ABANA (hébreu: Ἀbânâh; Septante: Ἀϐανά), fleuve de Damas. On lit Amanah dans le qeri et même dans le ketib d’un certain nombre de manuscrits (cf. B. Kennicott, Vet. Testam. heb., Oxford, 1776, t. i, p. 651, et J. B. de Rossi, Var. Lect. Vet. Test., Parme, 1785, t. ii, p. 230), dans le Targum de Jonathan et dans la version syriaque; variante qui s’explique facilement par la confusion ou la permutation entre le beth, ב, et e mem, ס. Les Septante et la Vulgate portent Abana, et cet accord suffit, selon quelques auteurs, pour donner la préférence à cette leçon.


2. — Le Barada (ancien Abana), a Damas. D'après une photographie.


L’Abana n’est mentionné qu'une fois dans la Sainte Écriture, à propos de Naaman le lépreux, IV Reg., v, 12. Ce général des armées syriennes vient de Damas demander sa guérison au prophète Élisée, qui lui recommande alors d’aller se laver sept fois de suite dans les eaux du Jourdain. Mais l’officier, tout infatué de l’abondance et de la qualité des eaux de son pays, répond avec mécontentement et dédain : « Est-ce que l’Abana et le Pharphar, fleuves de Damas, ne sont pas meilleurs que toutes les eaux d'Israël, pour que je m’y lave et sois purifié? »

Deux rivières importantes arrosent le pays de Damas : le Barada et l’Aouadj; et un regard jeté sur la carte mène facilement à cette conclusion, que ce sont là les deux fleuves (neharôt) cités par Naaman. Or il semble naturel que le plus considérable et le plus familier à un habitant de la ville soit mentionné le premier. De nos jours, dit J. L. Porter, un indigène, s’adressant à un étranger, ne mettra jamais le Nahr el-Aouadj avant le Barada, qui fait la prospérité et la gloire de la grande cité. Five years in Damascus, Londres, 1855, t. i, p. 276. De plus, la leçon Amana nous reporte naturellement au mont Amana, dont parle le Cantique des cantiques, iv, 8, et dont, suivant plusieurs critiques, le nom est donné ou emprunté à la rivière qui y prend sa source. Ct. Polus, Synopsis Crit. sac., in Cant. IV, 8 ; Gesenius, Thesaurus ling. heb., au mot Ἀmanah. Or le même passage distingue nettement l’Amana de l’Hermon, qui donne naissance à l’Aouadj , tandis que l'autre fleuve sort, bien plus au nord, des montagnes de l’Anti-Liban. Il faut donc distinguer aussi l’Aouadj de l’Abana, qui s’identifie facilement avec le Barada; identification confirmée du reste par la version arabe, qui se trouve dans la Polyglotte de Walton, et qu'on fait généralement remonter au Xe ou au XIe siècle : elle traduit l'hébreu Abana par Barda, qu'Etienne de Byzance appelle dès le Ve siècle Bardinès.

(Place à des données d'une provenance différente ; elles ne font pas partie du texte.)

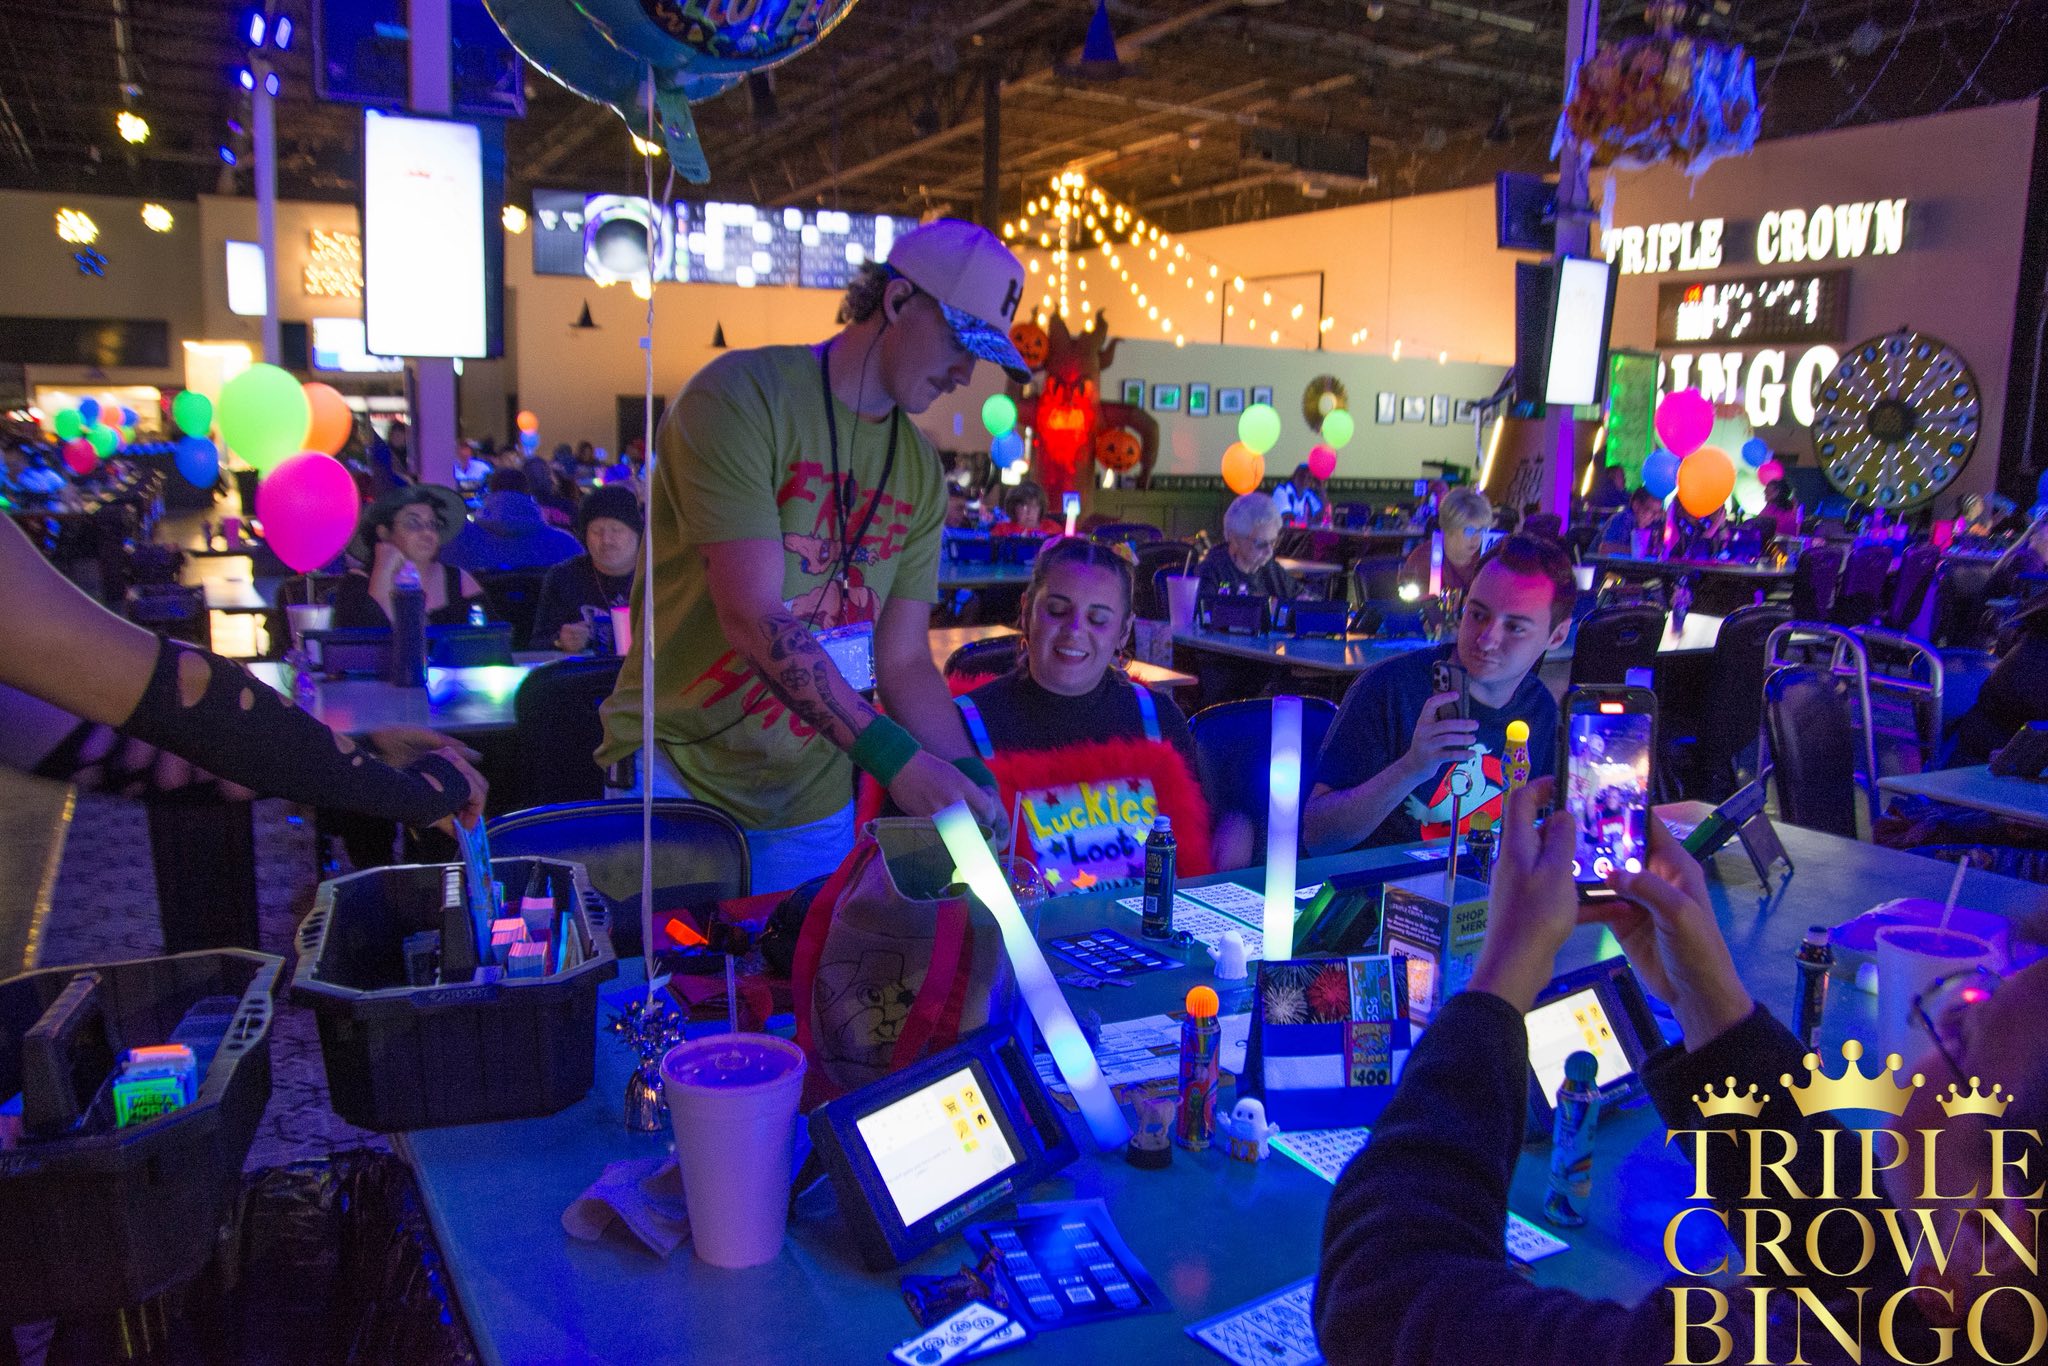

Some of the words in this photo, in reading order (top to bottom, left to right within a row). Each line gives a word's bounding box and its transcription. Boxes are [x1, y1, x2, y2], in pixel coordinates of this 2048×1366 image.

Δαμασκός…, περὶ τὸν Βάρδινην ποταμόν.
Damas…, près du fleuve Bardinès.

L'Abana est donc bien, croyons-nous, le Barada (en arabe: le froid, le glacé), le χρυσοῤρδας, « fleuve d'or » des Grecs, ainsi appelé, non parce que ses eaux roulent effectivement des paillettes d'or, mais parce que de tout temps, à l'époque de Strabon et de Pline aussi bien qu'aujourd'hui, elles ont répandu sur leur passage la fertilité et les richesses.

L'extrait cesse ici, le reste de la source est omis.